Last week I was talking to a parent who’s child was embarking upon the adventure of primary 1. We spoke about her natural concerns and I was doing what I could to put her mind at rest (the pupil in question was not coming to our school). That was until the issue of multi-composite classes came up!
For any readers who haven’t explored my previous ponderings I am one of two teachers in a rural school in a picturesque corner of the Scottish Borders. Currently we have a primary 1-3 class and a 4-7 class. Despite this only being my 3rd year here I have had pleasure of teaching both classes. And learning from both classes. The parent mentioned could not get her head around the thought of the pupils all being together: “How can you teach them all at the same time?!” This has indeed led us here, so please sit back, make yourself comfortable and prepare to be blown away with the magic that we who have multi-composite classes perform (please read that with all the love it was intended to be read with. We are of course all magic).
The key to understanding this puzzle is the outlook that this parent showed from the outset. Why on earth would I do such an injustice as to teach my class the same thing without any consideration for their age, stage, prior learning or experience? I love teaching in a multi composite class, particularly with Curriculum for Excellence and the experiences and outcomes, because I CAN take a lesson for the whole class and guide my learners to the outcome that I have planned for them. Take a recent writing lesson I had with my P4-7’s. The lesson itself was our first piece back from the summer so I was looking for a baseline- if I leave them to write independently what can they produce without me. Looking at my primary 4’s during the lesson was illuminating: they were watching the older pupils taking dictionaries and the thesaurus and they, with very tentative steps, crossed the room and lifted one off the shelf as if it were going to evaporate stright out of their hands! These pupils were striving to be like their peers, to feel like they fitted in. They worked like troopers, putting in all the aspects I worked and worked at last year when they were in P3 without needing to be reminded.

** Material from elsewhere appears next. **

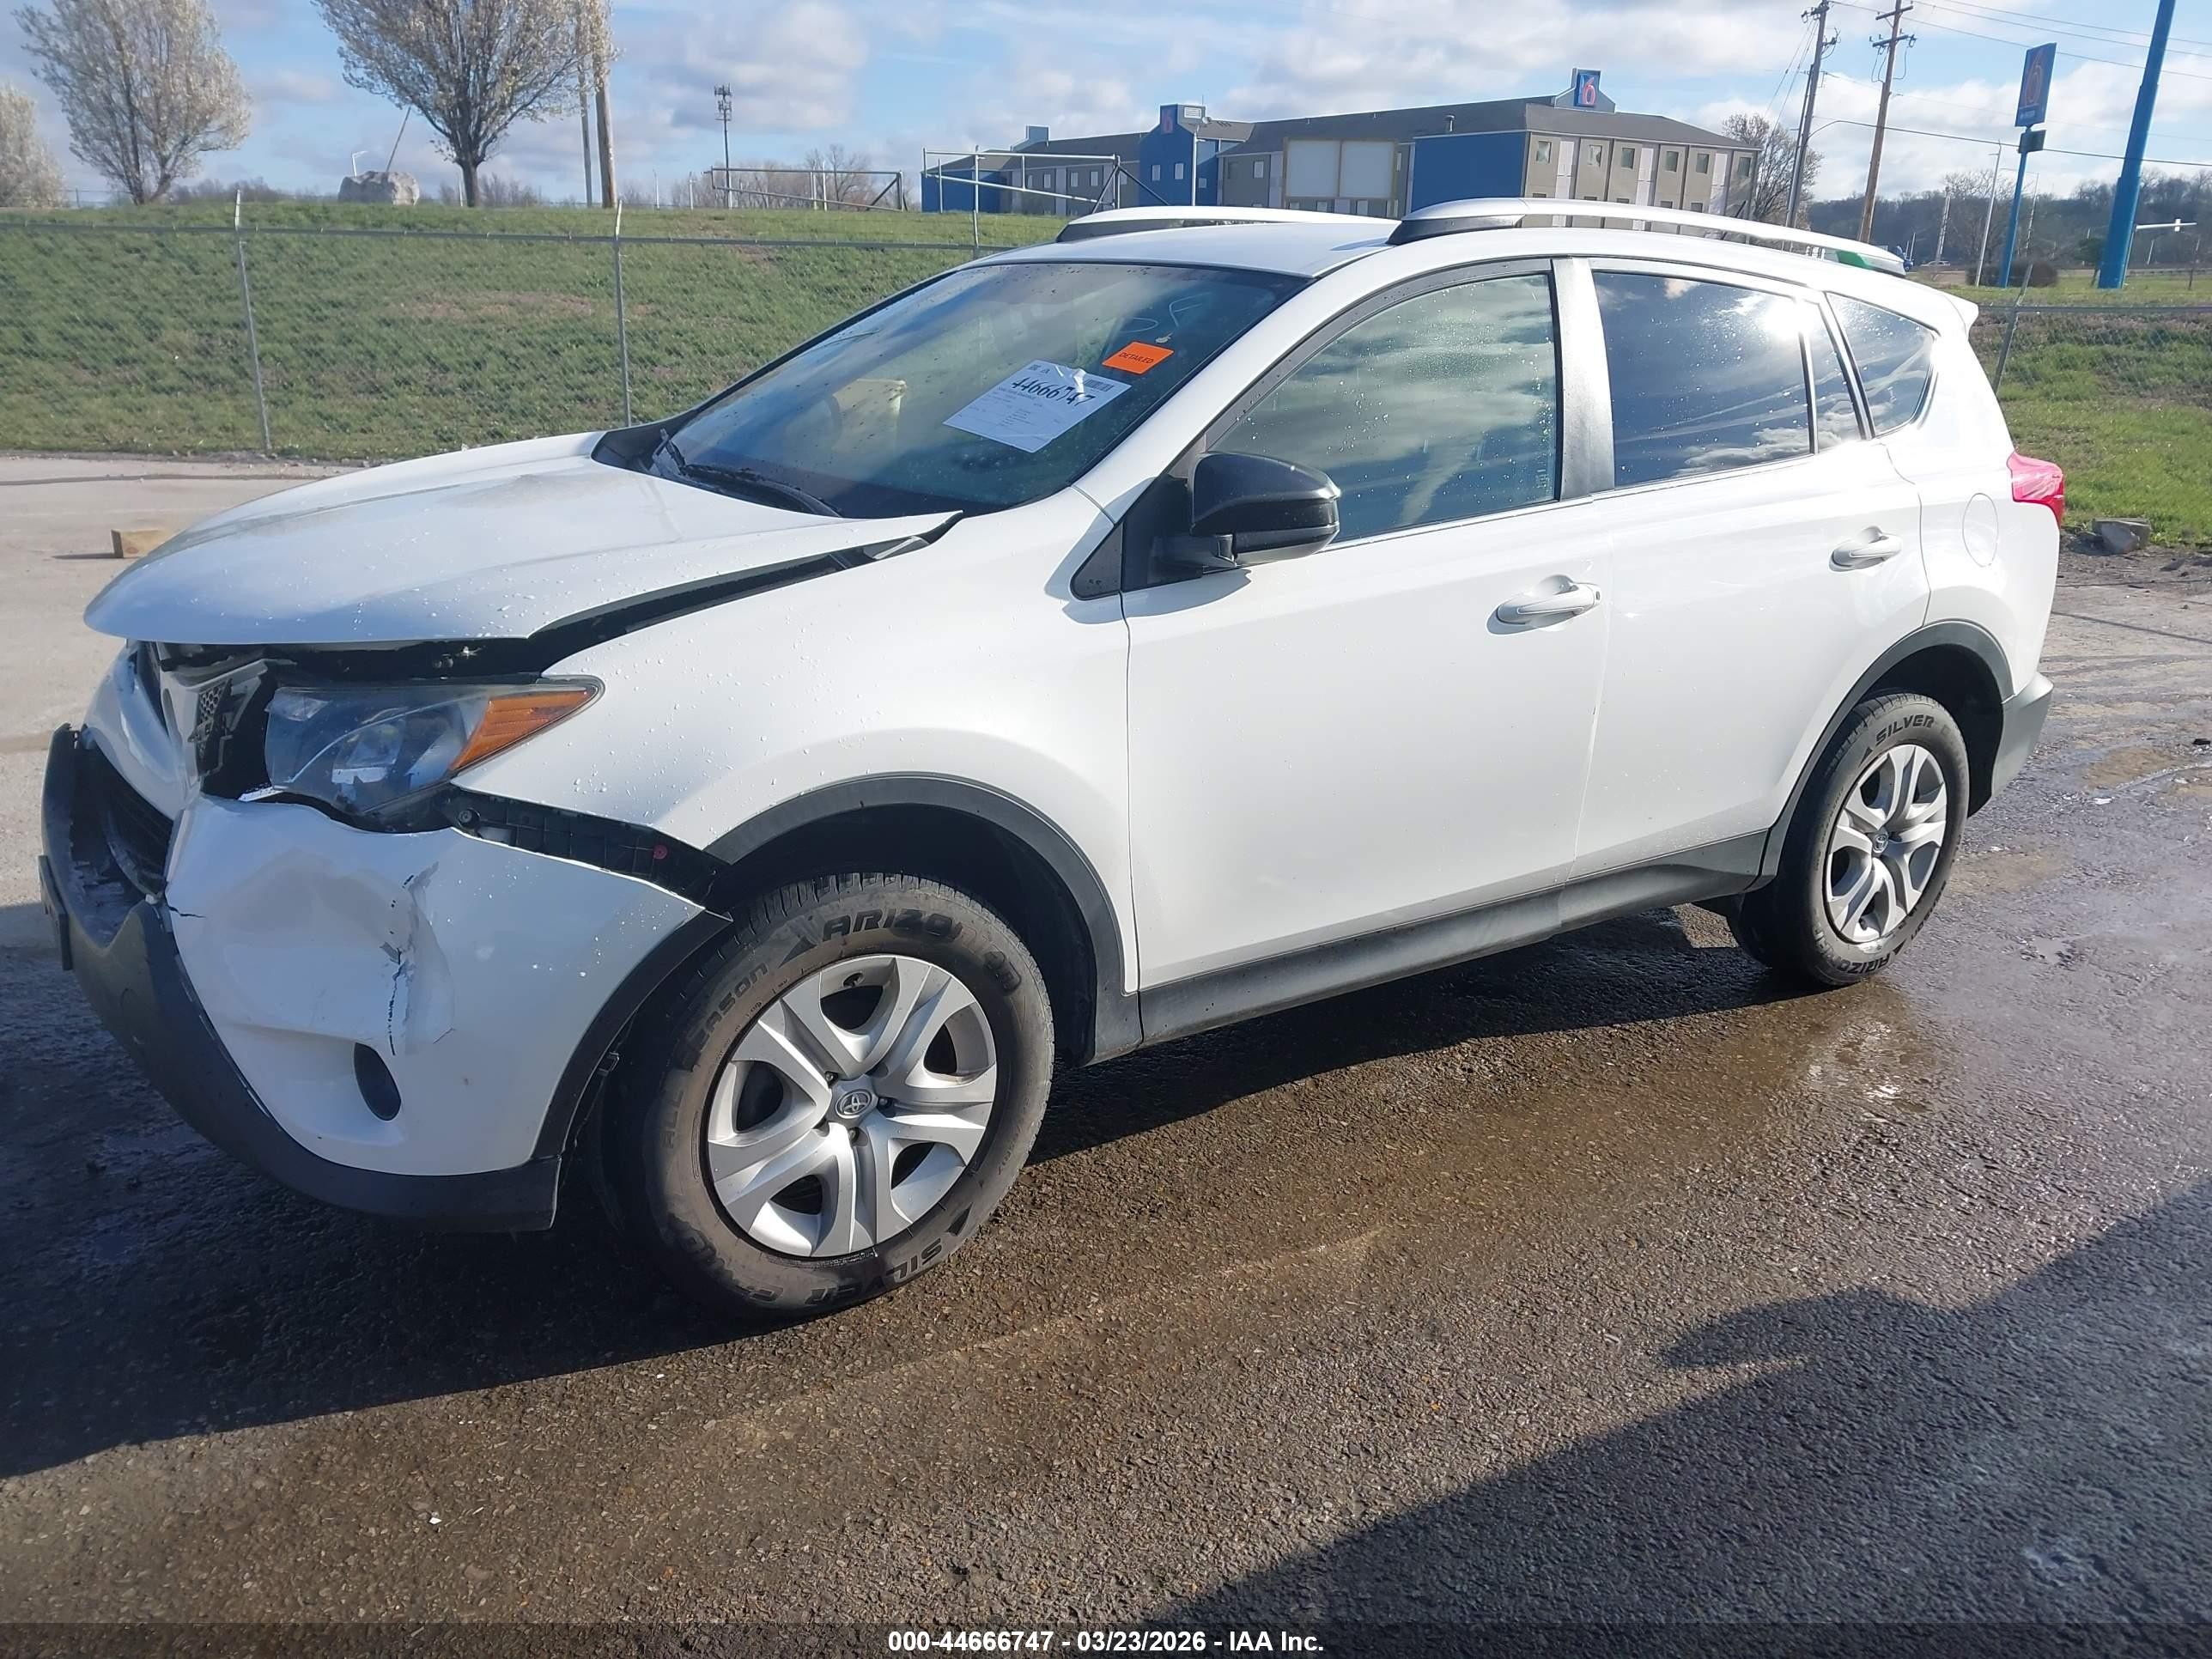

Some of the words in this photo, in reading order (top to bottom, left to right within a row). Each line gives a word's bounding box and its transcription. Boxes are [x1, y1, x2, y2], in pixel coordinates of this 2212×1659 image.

Let us take another lesson that is perhaps not so independent. Maths. When it comes to teaching maths I get an instant sense of excitement- it is right up my street. There are rules and guidelines that makes it all work and a certain sense of organisation. There is (hopefully) an instant sense of achievement. Teaching maths to a multi composite class however is more similar to teaching a straight class set then most people consider. Who, is any class they have taught has not been able to divige the learners into 3 groups? We all come across learners who soak up learning and need little more than instruction before they can take out of the experience as we intended. Then we have those who normally need more support, who find applying the rules hard when they don’t have someone to act as a sound-board as they talk themselves through the steps. Then we have everyone in the middle. Being in a multi composite allows for this effectively as I am in no way limited to letting an eager and able group of P5/6 pupils work with my P7’s, and those in P4 who need support feel like they are doing “extra hard maths” because they may have pupils from P5/6 in with them too!
Teaching in this sense is simply a case of well thought out differentiation…but what about learning in multi composite classes I hear you cry? This is the bit that I really do feel is magical. Pupils are all too often better teachers that we care to admid after our years of training and nights after school on CPD courses! Social constructivism, scaffolding or any other fancy words that fly around the staffroom all apply so clearly in a multi composite class. The pupils often have a clear understanding of the task and indeed what their learning might “look like” and they in turn know how to explain it to others going through the motions that they went to (where as Mr Wilson just waffles). Take a recent ICT lesson where we were formally talking about emailing. I say formally as I know from 2 years ago that some of the older pupils have experience in the field. Rather than setting them a challenge at the outset I asked them to share 5 top tips with another pupil…some of there tips were brilliant! Displaying these on the SMART Board allowed all the pupils to strike up an understanding of what they could do before we evenbegan getting the netbooks out.
I find that teaching in this setting really does turn your learners into educators. Having spent time at an in-service being shown reciprocal reading my first thought was how I was doing it, just without the title. It also brought me full circle with my planning where I went to the 4 capacities and tried to link our learning journey to these…I couldn’t because there really were so many links I could make. Ask yourself this: when was the last time you were in a room full of people that were all the same age as you? Or who were expected to be the same ability as you? I haven’t had it since I was at school and even then we all knew that there was a massive range within us. Innovative learning with pupils often creating there own destiny. Seeing this spark in the pupils, the future shining through from their potential is again magical. Involving pupils in a multi composite class is the next pivotal key to success.
I would love to know what other professionals out there have found? What do you think is the key to making your composite class work? I would love to find out what others are doing too so any lessons that have ignited the passion and creativity in your pupils please comment back and we can share for the benefit of all learners, child and adult alike!
Explaining this all to the parent in my story was a fantasitc opportunity to dispell the opinion of one. I am hoping that this may go some way to convincing some others out there that multi composite classes are by no means a bad thing- it is the opposite! Unlock the potential and reap the rewards.